9th Prosecutor of the Russian Soviet Federative Socialist Republic
- In office May 20, 1938 – May 31, 1939
- Preceded by: Ivan Golyakov
- Succeeded by: Anatoly Volin

Personal details
- Born: November 4, 1901 Kablukovo, Bezhetsk Uyezd, Tver Governorate, Russian Empire
- Died: September 23, 1974 (aged 72) Moscow, Soviet Union
- Party: Communist Party of the Soviet Union (1920–1974)
- Awards: Order of Lenin Order of the Red Banner

= Mikhail Pankratyev =

Soviet statesman

Mikhail Ivanovich Pankratyev (November 4, 1901 – September 23, 1974) was a Soviet statesman. Deputy of the Supreme Soviet of the Russian Soviet Federative Socialist Republic of the 1st Convocation. Major General of Justice.

==Biography==
- From April 1917 to September 1918, a loader of the Moscow Vindavo–Rybinsk Railway;
- From September 1918, he was a clerk of the Bezhetsk Uyezd Food Committee;
- From March 1920 to May 1921, he headed the Accounting and Organizational Department of the Bezhetsk District Committee of the Russian Communist Party (Bolsheviks);
- From May 1921 to November 1922, instructor and Head of the Organizational Unit of the Political Department of the 27th Division;
- From November 1922 to September 1923, Commissar of the 81st Infantry Regiment, and from September 1923, Commissar of the Headquarters of the 8th Infantry Division. From January 1925 to November 1925, Commissar of the 22nd Regiment of the 8th Division. From November 1925 to November 1926, Commissar of the Regiment of Armored Trains. From December 1925 to November 1929, Commissioner of the 110th Infantry Regiment;
- Since 1929, in the prosecutor's office. From November 1929, he was assistant to the military prosecutor of the Azerbaijan Division. From January 1930, assistant military attorney for the corps. From April 1932 to March 1933, the Military Prosecutor of the Railway Brigade Directorate;
- In March 1933, he was transferred to the Chief Military Prosecutor's Office of the Workers' and Peasants' Red Army: prosecutor of a department, assistant to the chief military prosecutor, and head of a department;
- From May 1938 to May 1939, he was the Prosecutor of the Russian Soviet Federative Socialist Republic. From May 1939 to August 1940, he was the Prosecutor of the Soviet Union;

In this position, he came into conflict with Lavrenty Beria, in particular, advocated the continuation of repressions and twice wrote memoranda to the leadership on the inadmissibility of terminating cases against "enemies of the people". Was removed from office for an unsuccessful start of the campaign to combat labor crimes (Decree of the Presidium of the Supreme Soviet of the Soviet Union of June 26, 1940). The "Case" of Pankratyev and Rychkov (People's Commissar of Justice of the Soviet Union) was considered at the end of July 1940 at a meeting of the Political Bureau of the Central Committee of the All–Union Communist Party (Bolsheviks).

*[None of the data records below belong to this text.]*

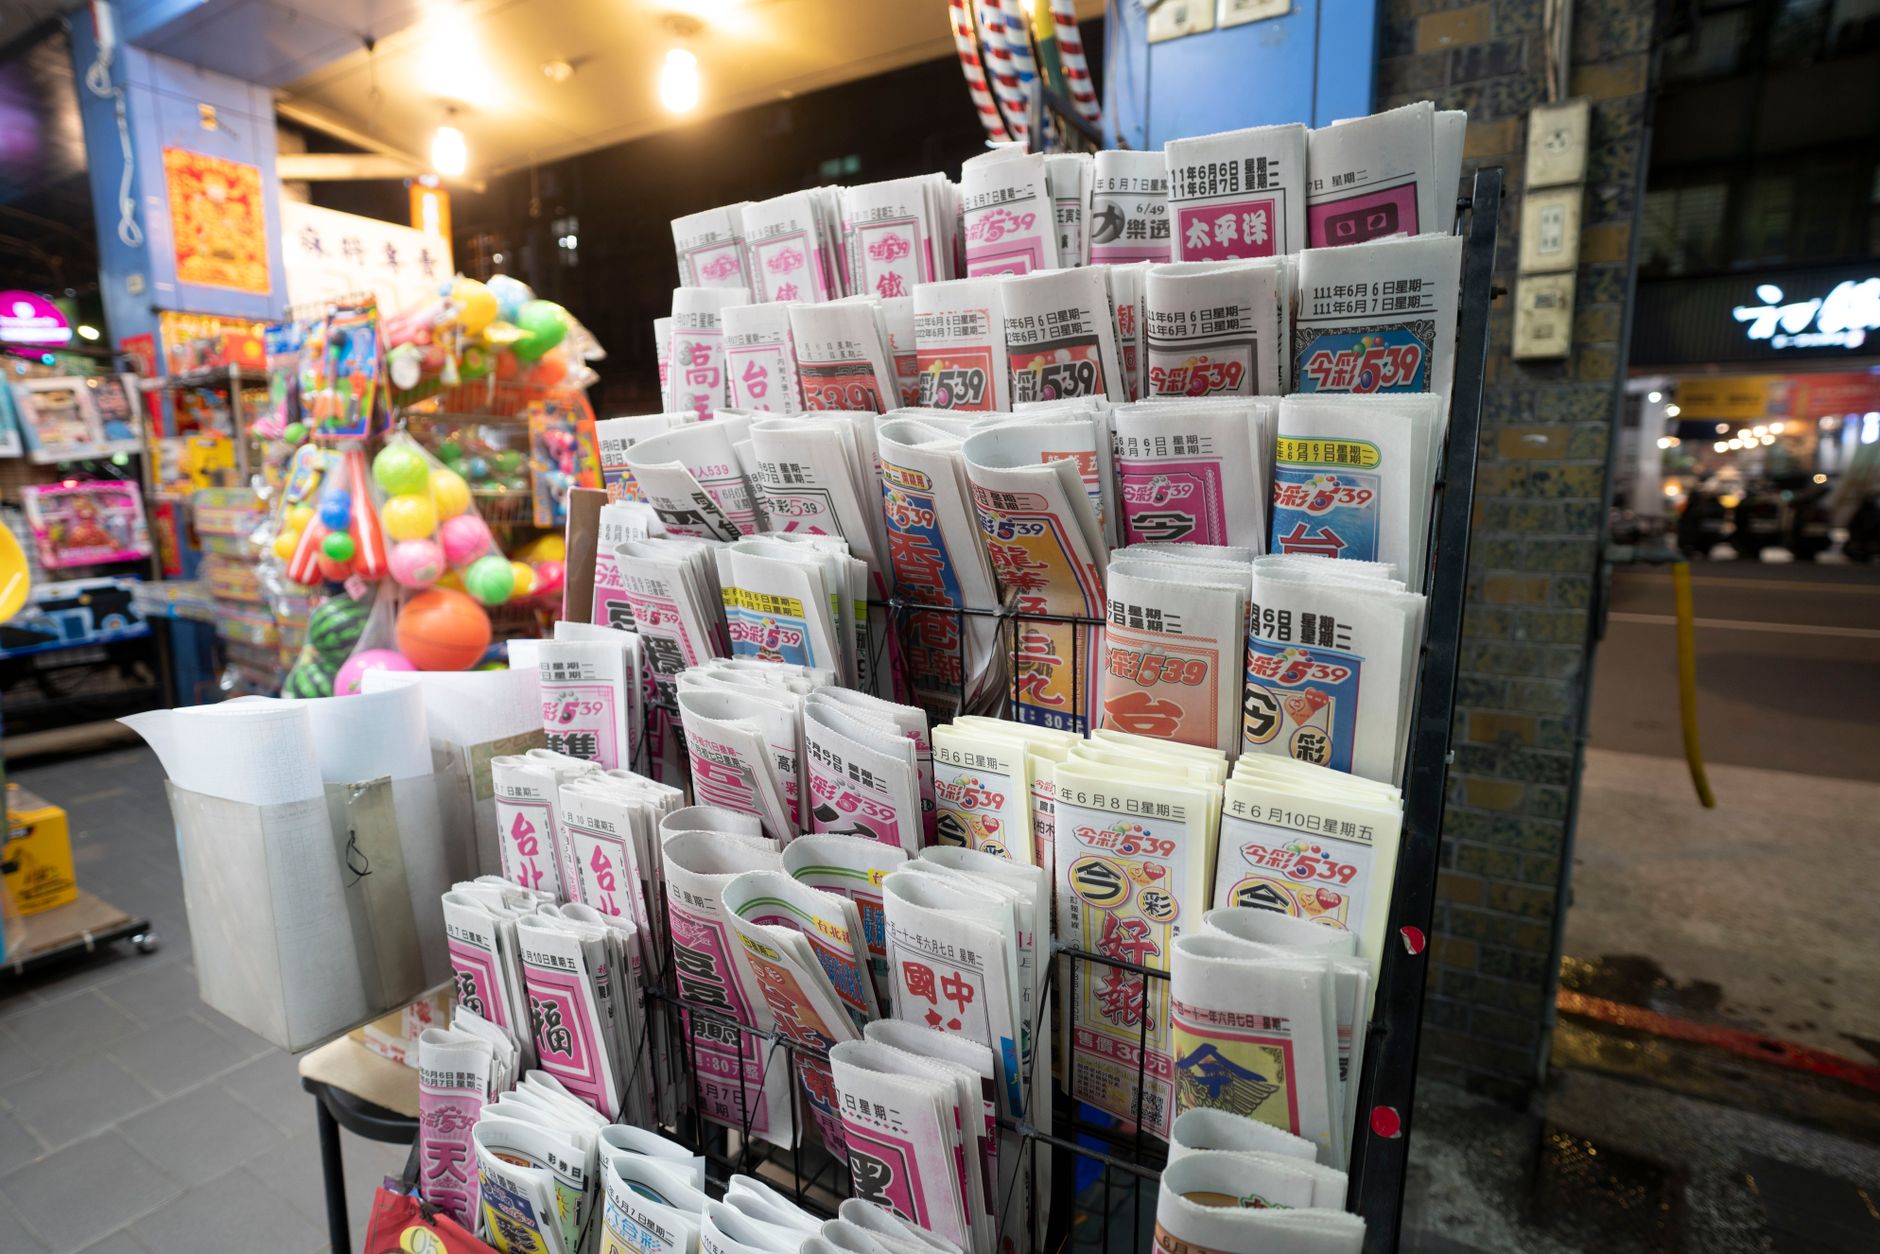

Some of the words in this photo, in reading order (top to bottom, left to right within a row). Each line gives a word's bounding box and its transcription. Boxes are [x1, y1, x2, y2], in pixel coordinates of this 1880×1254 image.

[1136, 203, 1165, 215] 6/49
[1186, 209, 1269, 249] 太平洋
[1313, 279, 1435, 299] 111年6月6日星期一
[1313, 294, 1433, 315] 111年6月7日星期二
[1306, 346, 1420, 394] 今彩539
[935, 778, 1005, 813] 今彩539
[1061, 786, 1187, 820] 年6月8日星期三
[1232, 799, 1374, 842] 年6月10日星期五
[1075, 824, 1177, 859] 今彩539
[1244, 842, 1359, 885] 今彩539
[1095, 911, 1161, 1031] 好報

- From October 1940 to March 1942, deputy Head of the Military Tribunals Department of the People's Commissariat of Justice of the Soviet Union;
- From April 1942 to October 1943, Chairman of the Military Tribunal of the Bryansk Front;
- Since October 1943, Chairman of the Military Tribunal of the 2nd Baltic Front. He was the Chairman of the Riga Trial in 1946;
- From May 1945 to October 1950, Chairman of the Military Tribunal of the Baltic Military District.

After retirement he worked in the Voluntary Society for Assistance to the Army, Aviation and Navy.